Sila Bisalu: « La bonne pièce de théâtre est celle adaptée à un bon acteur »

Originaire de la République démocratique du Congo (RDC), Sila Bisalu est une actrice comédienne professionnelle vivant à Kinshasa. Du haut de ses quinze ans de carrière, celle qui se fait appeler la David Beckham de la scène théâtrale congolaise nous livre son parcours.

Parlez-nous de votre parcours

Sila Bisalu (S.B.) : Après avoir obtenu mon baccalauréat, j’ai vite débuté ma carrière à l’Institut national des arts et métiers grâce à de petites pièces théâtrales académiques. Par la suite, j’ai intégré la troupe de Faustin Elombe Sukari, dans laquelle j’évolue jusqu’à ce jour.

 Comment êtes-vous arrivée dans la comédie théâtrale ?

S.B. : Un fruit du hasard ou le destin, je n’en sais rien… En réalité, c’est le fruit d’une punition imposée par mon père suite à ma turbulence juvénile qui, d’ailleurs, a entraîné mon exclusion d’une école conventionnée. C’est alors qu’il décida de m’envoyer à cet institut des arts. Cela a influencé mes rêves d’adolescente. Je m’y suis entichée, en m’adaptant et j’y ai forgé ma carrière. Mais en amont, mon rêve était de devenir journaliste comme Chantal Kanyembo, que j’admire tant.

 Quelle était la réaction de vos proches après le choix d’adapter la punition à une carrière ?

S.B. : J’ai eu tout le monde à dos. Ma famille, mes amis du quartier qui se moquaient de moi sous prétexte que j’aurai pu faire autre chose. Par exemple, de l’animation culturelle puisque c’était une branche de la presse en lieu et place de me rabaisser au théâtre. Pour eux, j’avais opté pour un sot métier, nul et sans avenir surtout dans mon pays.

 Aujourd’hui, vous avez émergé et êtes considérée comme une grande actrice. Alors, que représente pour vous un grand artiste ?

S.B. : C ‘est celui qui doit avoir du talent pour commencer, être flexible dans les rôles et scènes et surtout avoir un esprit d’écoute tout en restant humble sous les reproches et remarques.

 Quel est le rôle qui vous a le plus marquée dans votre carrière ?

S.B. : C’est celui que j’ai incarné dans la pièce « Nouveau riche ». J’y jouais une Congolaise vivant en France et qui est revenue au pays après de longues années par amour pour son homme.

 Votre motivation dans la vie ?

S.B. : Ma foi en Dieu et en ce que je fais.
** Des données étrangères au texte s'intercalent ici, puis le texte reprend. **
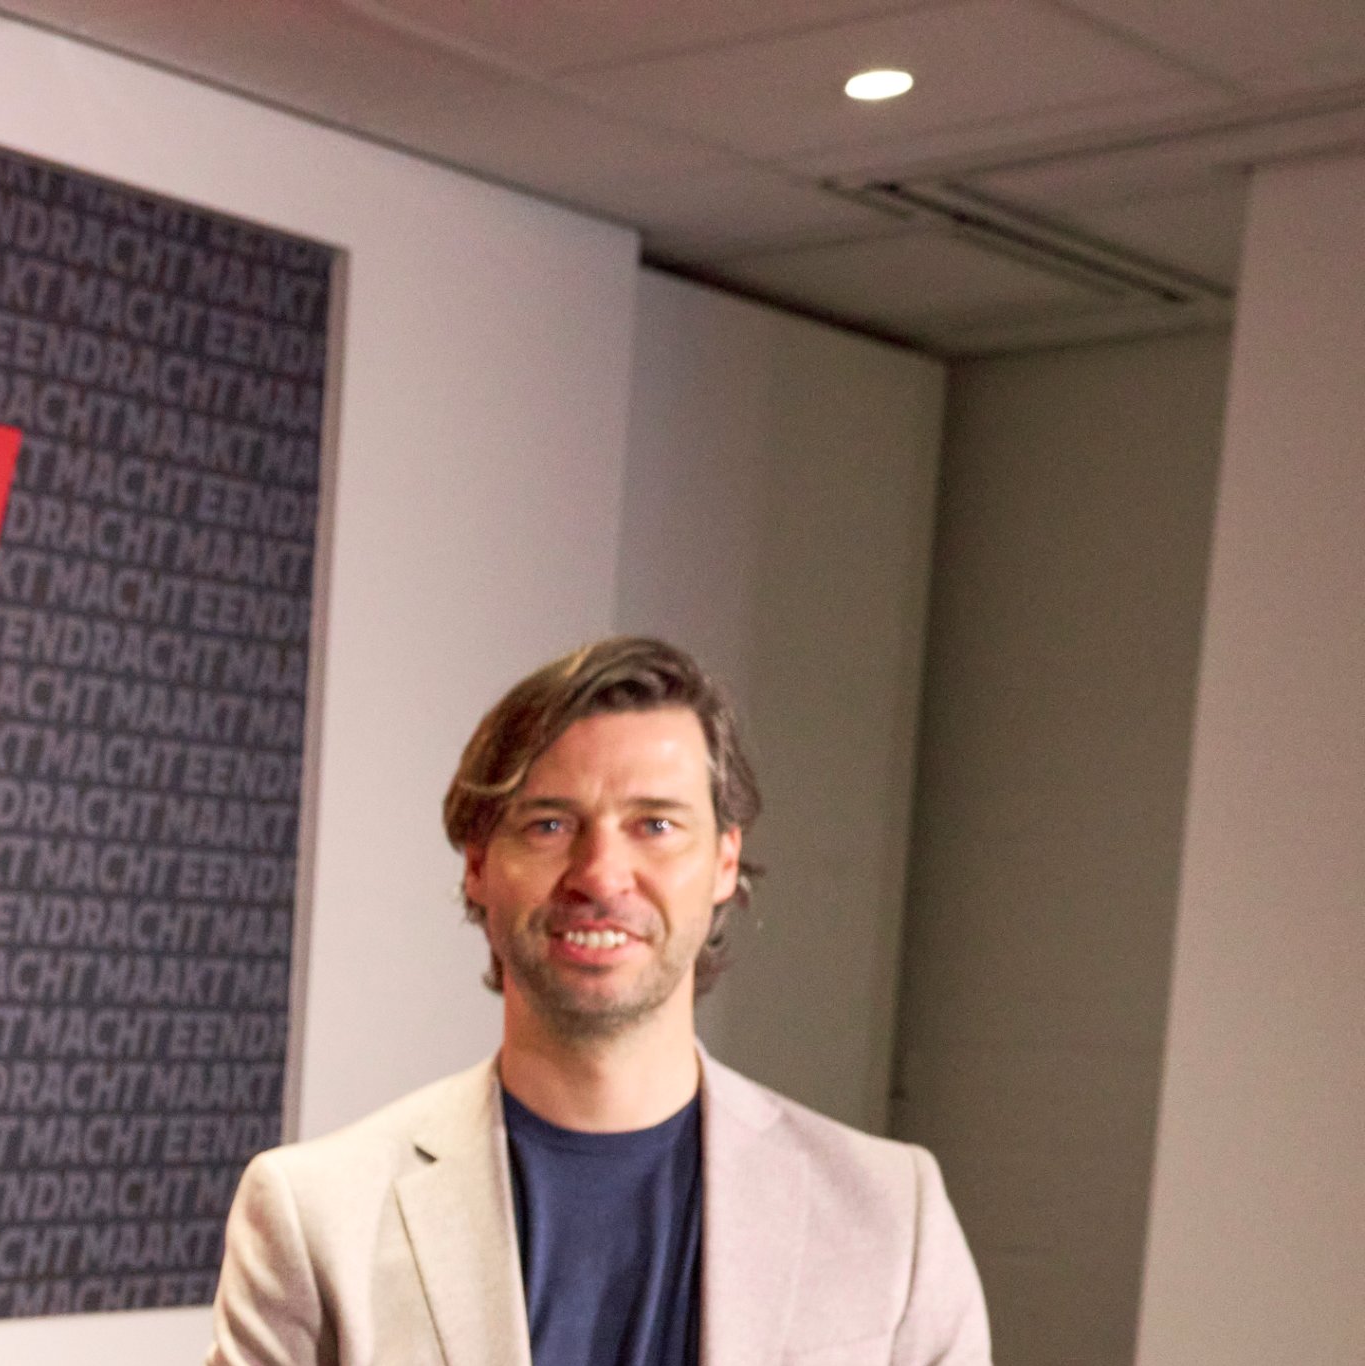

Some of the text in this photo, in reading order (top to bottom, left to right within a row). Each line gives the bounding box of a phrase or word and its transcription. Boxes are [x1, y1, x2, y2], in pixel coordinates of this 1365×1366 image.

[60, 268, 204, 348] MACHT
[121, 400, 259, 471] MAAKT
[52, 446, 195, 515] MACHT
[173, 524, 306, 587] MAAKT
[46, 555, 189, 625] MACHT
[106, 678, 244, 742] MAAKT
[38, 727, 183, 788] MACHT
[160, 796, 292, 847] MAAKT
[32, 835, 177, 896] MACHT
[93, 954, 232, 1003] MAAKT
[23, 1006, 168, 1057] MACHT
[147, 1061, 279, 1107] MAAKT
[19, 1115, 164, 1165] MACHT
[77, 1220, 217, 1273] MAAKT
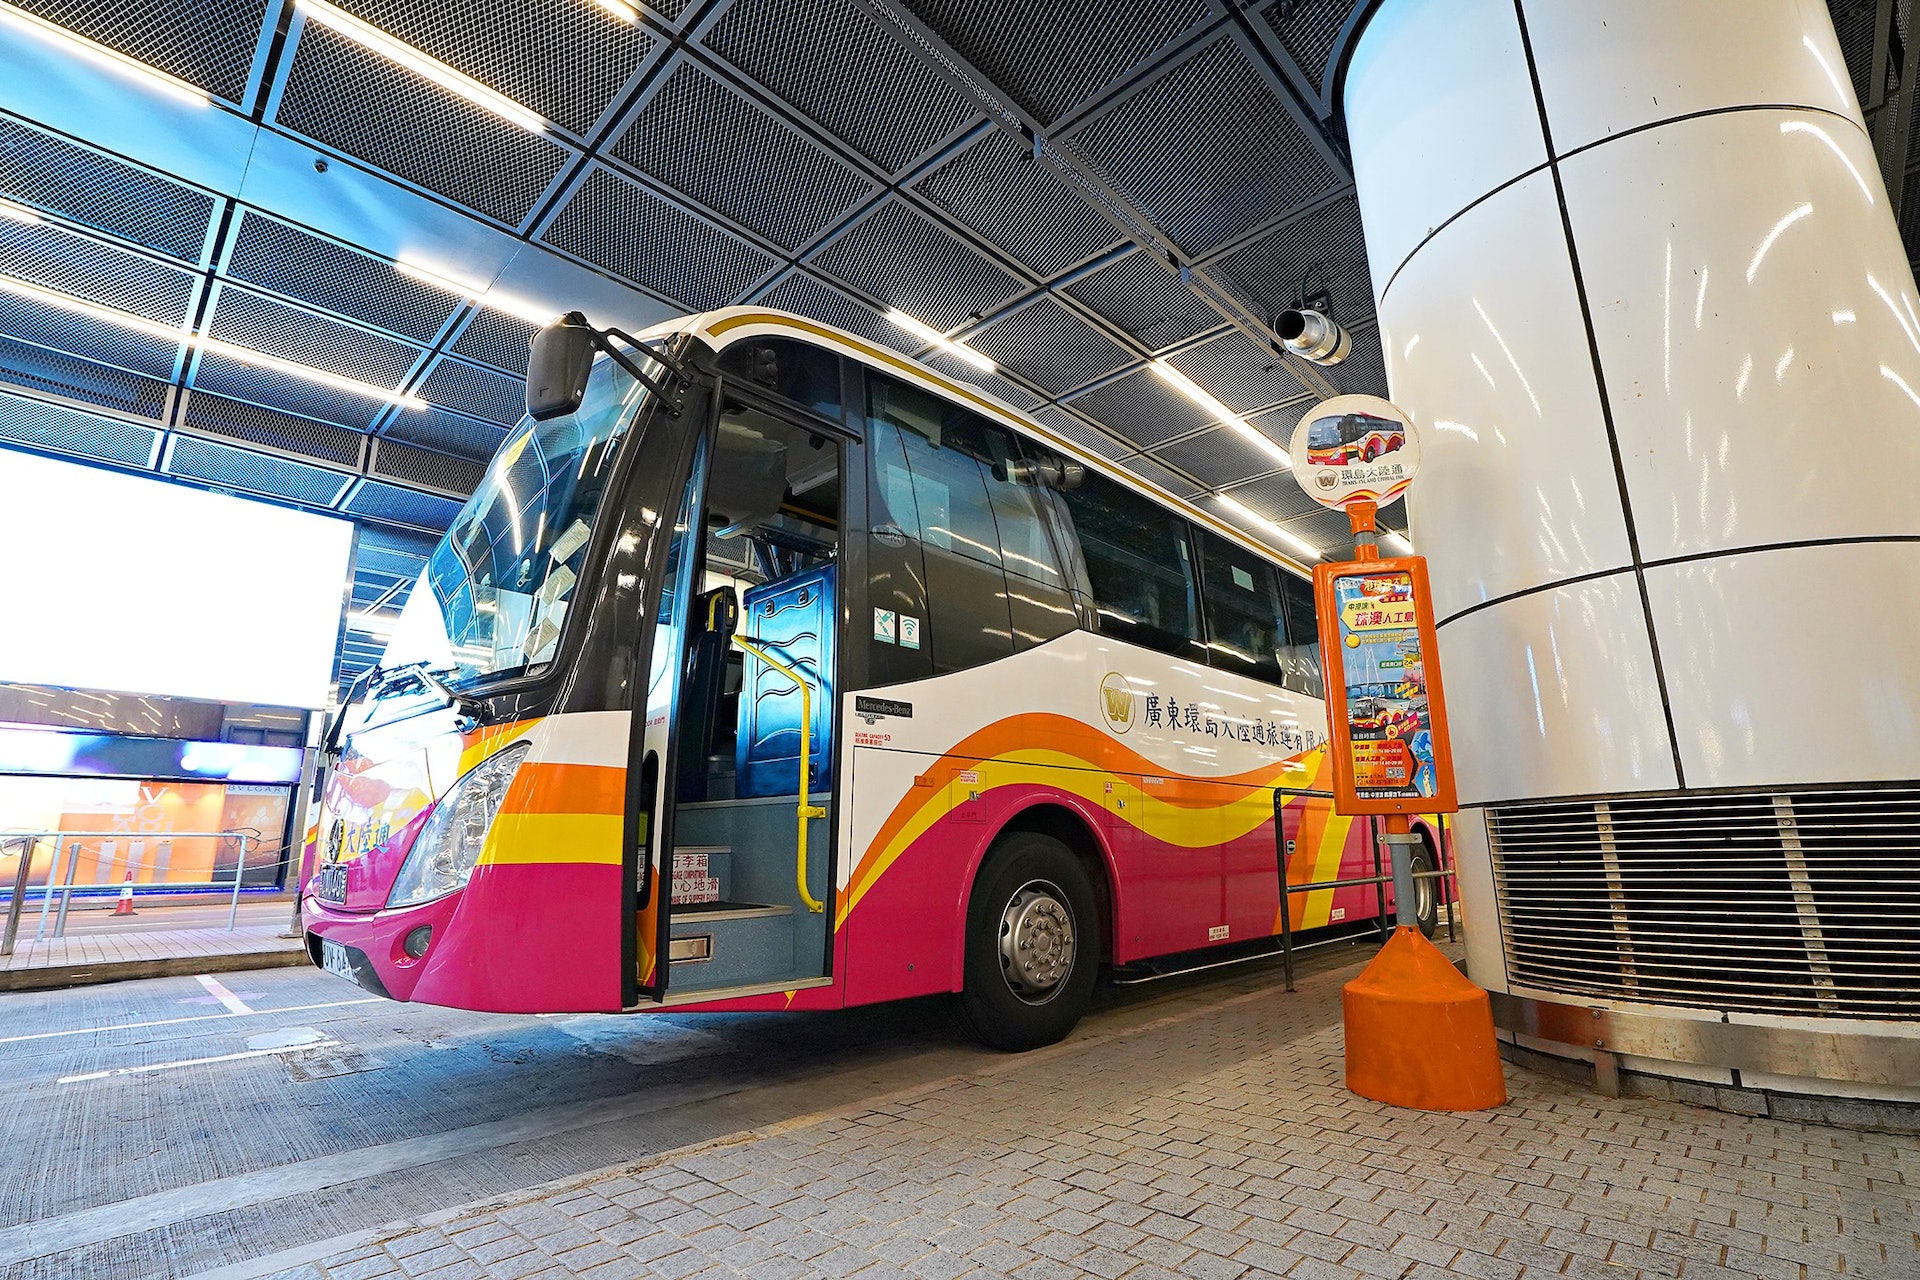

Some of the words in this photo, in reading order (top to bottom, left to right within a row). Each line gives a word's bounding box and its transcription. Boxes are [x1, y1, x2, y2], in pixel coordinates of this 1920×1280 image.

[1341, 463, 1403, 480] 環島大陸通
[858, 699, 911, 715] Mercedes-Benz
[884, 734, 891, 742] 53
[343, 817, 390, 855] 大陸通
[673, 878, 719, 892] 心地滑
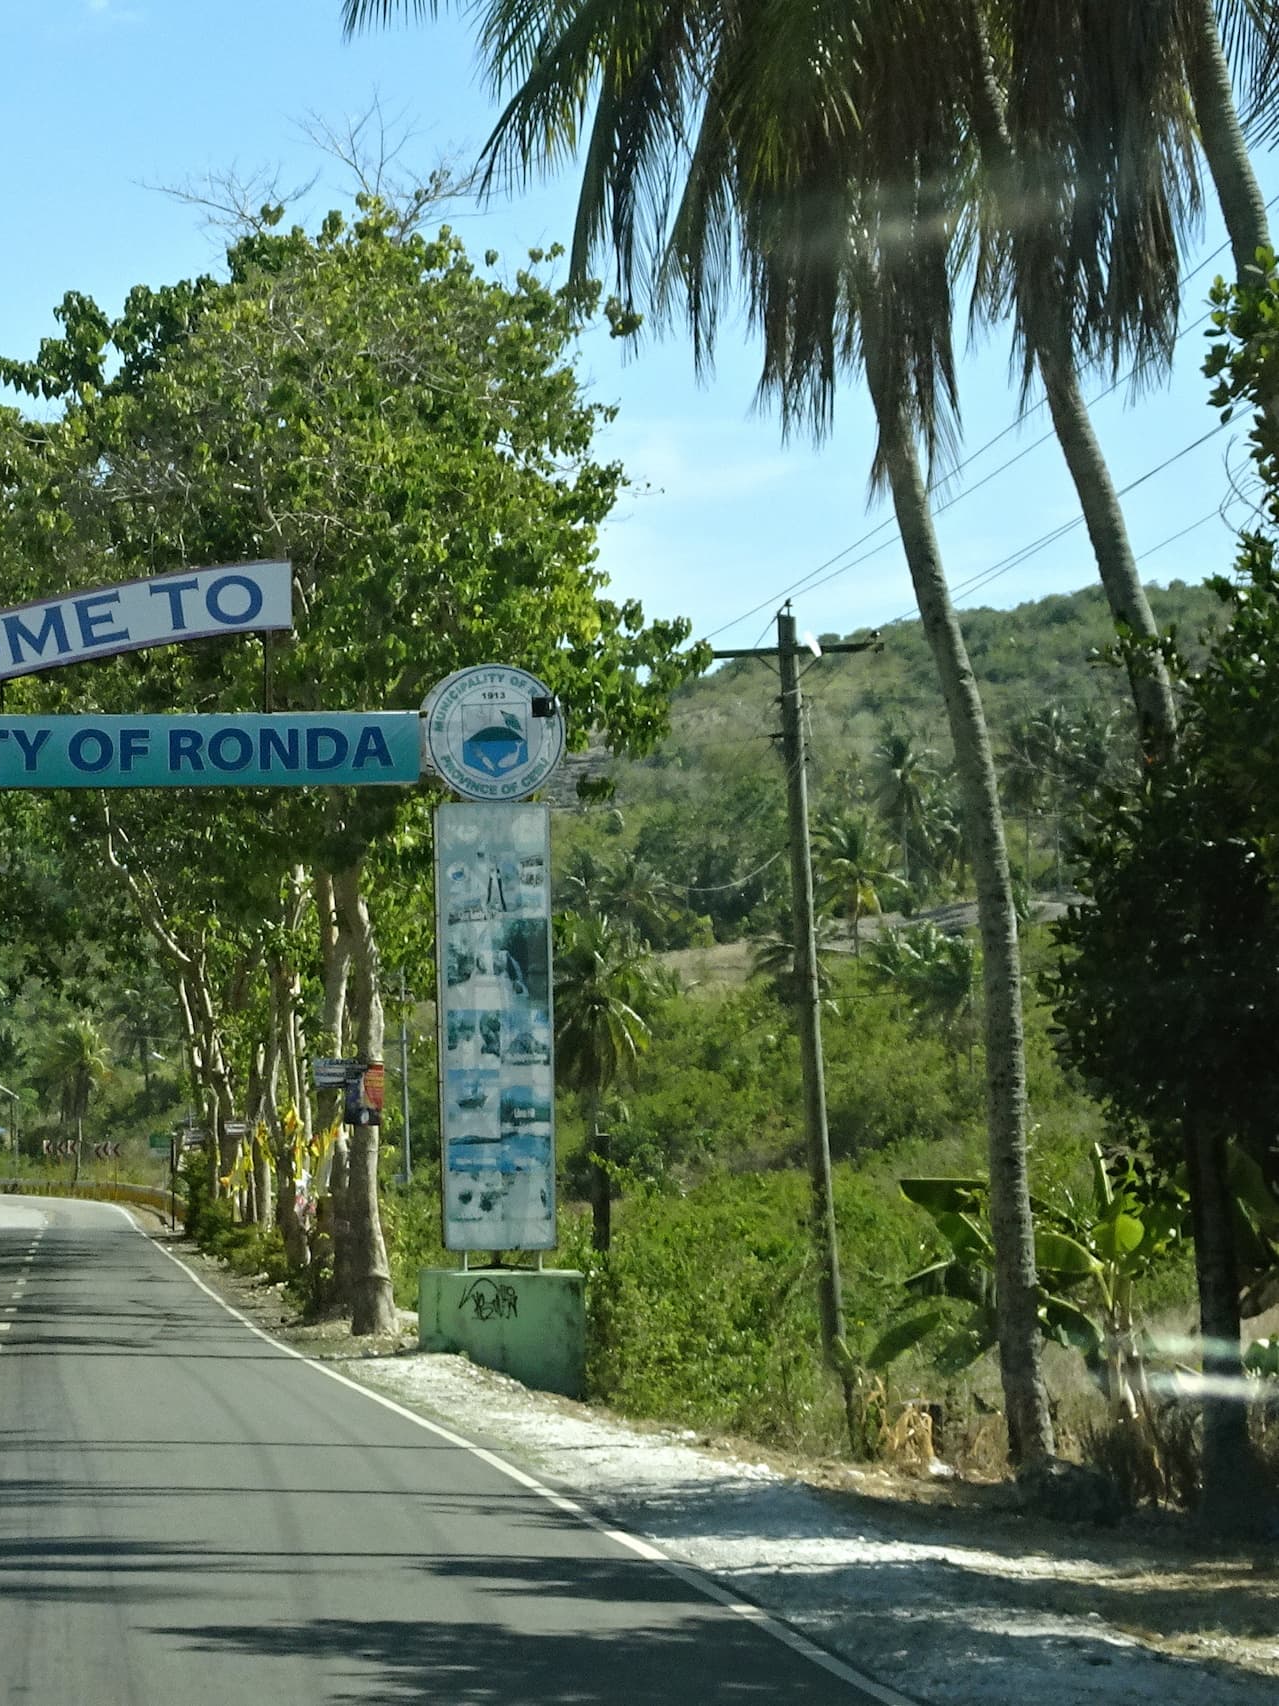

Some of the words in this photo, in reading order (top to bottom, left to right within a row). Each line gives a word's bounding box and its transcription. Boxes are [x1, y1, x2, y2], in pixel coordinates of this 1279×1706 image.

[149, 575, 263, 630] TO
[434, 673, 505, 732] MUNICIPALITY
[510, 676, 528, 688] OF
[68, 728, 150, 772] OF
[168, 726, 395, 771] RONDA
[440, 755, 498, 795] PROVINCE
[501, 782, 517, 794] OF
Je ne baisse pas les bras afin d’atteindre mes objectifs et rester sereine dans mes entreprises.

Quels sont les avantages et désavantages d’être comédienne ?

S.B. : Des avantages ! Il y en a légion. Ce qui rend la liste très longue… Mais les désavantages, c’est quand les gens nous font coller, parfois, à la peau nos rôles, en nous jugeant par défaut.

 Qu’est ce qui rend une pièce de théâtre spéciale ?

S.B. : En somme, il n ‘existe pas de bonnes ou mauvaises pièces théâtrales mais plutôt de piètres acteurs. Ainsi, la bonne pièce de théâtre est celle adaptée à un bon acteur.

 Quelle est la place de la scène dans votre vie ?

S.B. : Elle représente ma seconde vie. J’aime mon boulot. La scène me procure une joie inexplicable et m’aide à comprendre certaines réalités. D’ailleurs, une anecdote : j’ai parfois du mal à me décoller d’un personnage dès que la saison théâtrale finit. Il me faut parfois des jours pour revenir à mon vrai moi… Rire.

 Vos projets ?

S.B. : Je rêve d’intégrer le cinéma, les scènes internationales et faire du One Women Show.

 Si on vous donnait l’occasion de changer une chose dans ce monde, que serait-elle ?

S.B. : Changer le cœur de l’humain, le rendre bon et moins mesquin.

 Un conseil pour ceux qui veulent faire votre métier ?

S.B. : La patience, la confiance en soi, la rigueur dans le travail et l’apprentissage.